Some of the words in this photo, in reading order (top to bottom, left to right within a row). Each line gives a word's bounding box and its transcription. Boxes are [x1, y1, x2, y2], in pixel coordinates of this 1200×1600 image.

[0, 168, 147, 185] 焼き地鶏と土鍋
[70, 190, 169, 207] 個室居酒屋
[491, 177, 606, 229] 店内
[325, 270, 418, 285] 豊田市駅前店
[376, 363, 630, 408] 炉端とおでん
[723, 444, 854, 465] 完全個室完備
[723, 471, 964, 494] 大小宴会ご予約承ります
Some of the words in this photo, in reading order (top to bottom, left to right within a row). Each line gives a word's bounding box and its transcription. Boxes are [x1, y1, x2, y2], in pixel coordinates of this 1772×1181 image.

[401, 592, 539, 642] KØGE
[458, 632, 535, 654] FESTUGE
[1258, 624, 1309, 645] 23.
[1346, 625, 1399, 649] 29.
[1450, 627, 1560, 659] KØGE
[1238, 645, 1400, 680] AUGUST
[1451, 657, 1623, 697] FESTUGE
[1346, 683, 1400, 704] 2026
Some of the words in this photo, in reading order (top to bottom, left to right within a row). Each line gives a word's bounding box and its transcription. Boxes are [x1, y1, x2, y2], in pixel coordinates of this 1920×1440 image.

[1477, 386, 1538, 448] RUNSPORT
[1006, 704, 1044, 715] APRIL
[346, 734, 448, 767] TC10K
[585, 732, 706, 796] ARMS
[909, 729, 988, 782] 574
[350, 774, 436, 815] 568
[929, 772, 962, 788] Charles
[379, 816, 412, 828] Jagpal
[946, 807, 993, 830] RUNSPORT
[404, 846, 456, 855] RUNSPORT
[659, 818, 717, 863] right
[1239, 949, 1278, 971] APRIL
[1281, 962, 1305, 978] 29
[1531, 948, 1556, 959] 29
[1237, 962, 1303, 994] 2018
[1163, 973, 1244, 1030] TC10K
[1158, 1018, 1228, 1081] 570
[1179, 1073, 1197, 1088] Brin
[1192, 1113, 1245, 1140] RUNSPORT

## YOUR ASSIGNMENT:
Write out every entry again so that each line matches the original exactly.

## WORKED SOLUTION:
Some of the words in this photo, in reading order (top to bottom, left to right within a row). Each line gives a word's bounding box and its transcription. Boxes are [x1, y1, x2, y2], in pixel coordinates of this 1200×1600 image.

[0, 168, 147, 185] 焼き地鶏と土鍋
[70, 190, 169, 207] 個室居酒屋
[491, 177, 606, 229] 店内
[325, 270, 418, 285] 豊田市駅前店
[376, 363, 630, 408] 炉端とおでん
[723, 444, 854, 465] 完全個室完備
[723, 471, 964, 494] 大小宴会ご予約承ります
Some of the words in this photo, in reading order (top to bottom, left to right within a row). Each line gives a word's bounding box and its transcription. Boxes are [x1, y1, x2, y2], in pixel coordinates of this 1772×1181 image.

[401, 592, 539, 642] KØGE
[458, 632, 535, 654] FESTUGE
[1258, 624, 1309, 645] 23.
[1346, 625, 1399, 649] 29.
[1450, 627, 1560, 659] KØGE
[1238, 645, 1400, 680] AUGUST
[1451, 657, 1623, 697] FESTUGE
[1346, 683, 1400, 704] 2026
Some of the words in this photo, in reading order (top to bottom, left to right within a row). Each line gives a word's bounding box and its transcription. Boxes are [x1, y1, x2, y2], in pixel coordinates of this 1920×1440 image.

[1477, 386, 1538, 448] RUNSPORT
[1006, 704, 1044, 715] APRIL
[346, 734, 448, 767] TC10K
[585, 732, 706, 796] ARMS
[909, 729, 988, 782] 574
[350, 774, 436, 815] 568
[929, 772, 962, 788] Charles
[379, 816, 412, 828] Jagpal
[946, 807, 993, 830] RUNSPORT
[404, 846, 456, 855] RUNSPORT
[659, 818, 717, 863] right
[1239, 949, 1278, 971] APRIL
[1281, 962, 1305, 978] 29
[1531, 948, 1556, 959] 29
[1237, 962, 1303, 994] 2018
[1163, 973, 1244, 1030] TC10K
[1158, 1018, 1228, 1081] 570
[1179, 1073, 1197, 1088] Brin
[1192, 1113, 1245, 1140] RUNSPORT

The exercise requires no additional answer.